VALLEY OF BONES
Gruber's new mystery/thriller more than fulfills the promise of his dazzling Tropic of Night (2003), a critical and commercial success and his first book published under his own name. The story emerges from three directions: the POV of Cuban-American Miami cop Jimmy Paz; pages from the book Faithful Unto Death: The Story of the Nursing Sisters of the Blood of Christ by Sr.
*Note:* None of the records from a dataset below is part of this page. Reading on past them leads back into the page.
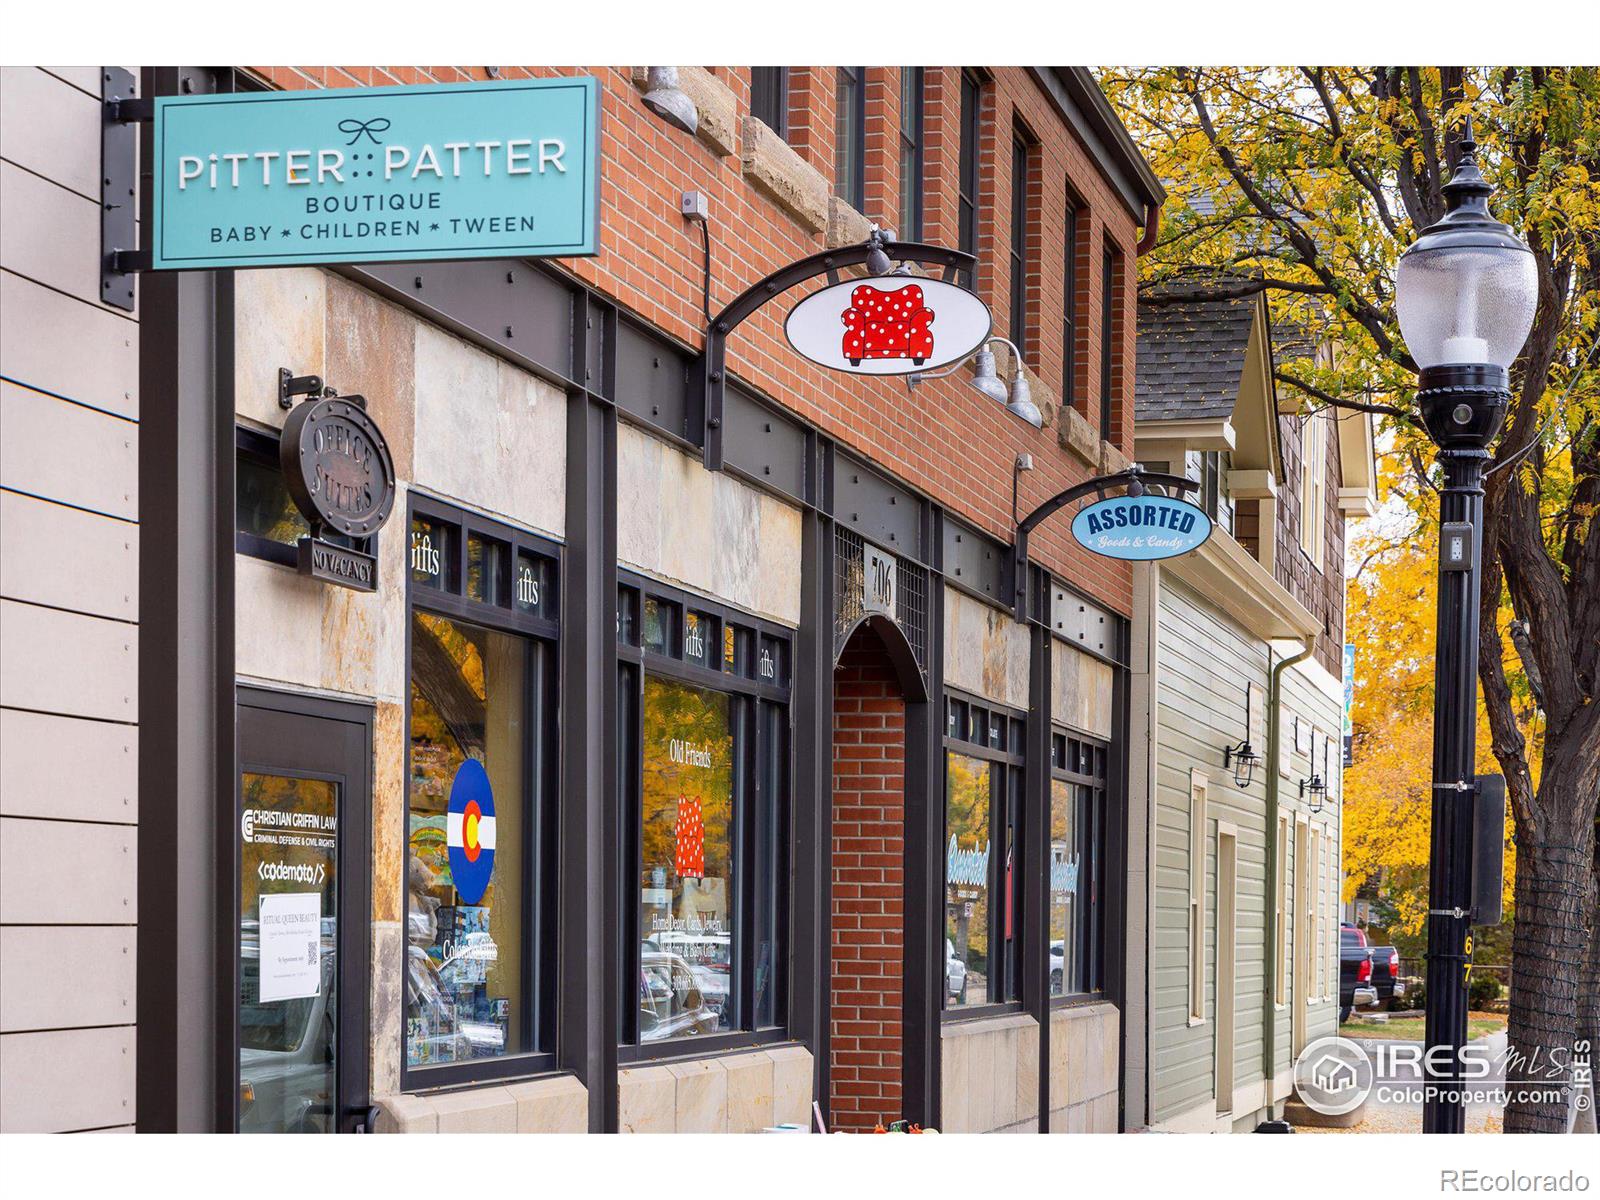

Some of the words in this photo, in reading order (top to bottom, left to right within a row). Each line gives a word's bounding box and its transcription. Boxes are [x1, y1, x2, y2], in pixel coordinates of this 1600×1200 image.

[383, 138, 568, 180] PATTER
[305, 191, 442, 214] BOUTIQUE
[210, 225, 272, 243] BABY
[299, 219, 420, 239] CHILDREN
[449, 215, 536, 234] TWEEN
[313, 423, 372, 475] OFFICE
[313, 463, 373, 514] SUITES
[1087, 504, 1196, 535] ASSORTED
[1097, 535, 1131, 549] Goods
[1132, 536, 1145, 548] &
[1145, 535, 1183, 551] Candy
[314, 549, 327, 570] NO
[328, 552, 372, 582] VACANCY
[871, 555, 892, 607] 706
[516, 566, 539, 605] ifts
[685, 625, 703, 659] ifts
[759, 648, 774, 679] ifts
[669, 738, 684, 764] Old
[685, 741, 711, 769] Friends
[253, 809, 292, 827] CHRISTIAN
[292, 812, 320, 828] GRIFFIN
[320, 815, 337, 830] LAW
[254, 834, 278, 845] CRIMINAL
[278, 835, 301, 846] DEFENSE
[305, 837, 318, 847] CIVIL
[318, 838, 335, 848] RIGHTS
Benedicta Cooley; and a series of handwritten notebooks, The Confessions of Emmylou Dideroff . Gruber brings back Paz ("a neatly built, caramel-colored man, in a beautifully cut gray-green silk and linen suit" and one of the smartest, coolest, most intriguing cops working the pages of American thrillers these days) from Tropic to investigate the death of Arab oil trader Jabir Akran al-Muwalid, who's been bonked on the head with a piston rod and thrown off the balcony of his hotel room. Inside al-Muwalid's room, Paz finds Emmylou Dideroff kneeling on the floor, having a one-sided conversation with St. Catherine of Siena. The rod belongs to Emmylou, so she's assumed to be the killer; she's put into a mental hospital under the care of Paz's new psychiatrist girlfriend. Emmylou's written confessions tell the horrifying but riveting tale of growing up with an insane mother and a stepfather who molested her, as well as her adventures as a whore, drug dealer and, after joining the Nursing Sisters of the Blood of Christ, a tribal leader in Africa. Readers will find each of the stories—Paz's, Emmylou's and that of the founder of the Nursing Sisters—equally fascinating. Evocative prose, an erudite author, spellbinding subject matter and totally original characters add up to make this one a knockout. Agent, Simon Lipskar . (Jan. 4)
Forecast: A good marketing push and word of mouth should assure a position at the top of the charts for Gruber, who ghosted Robert K. Tanenbaum's bestselling Butch Karp legal thrillers for many years.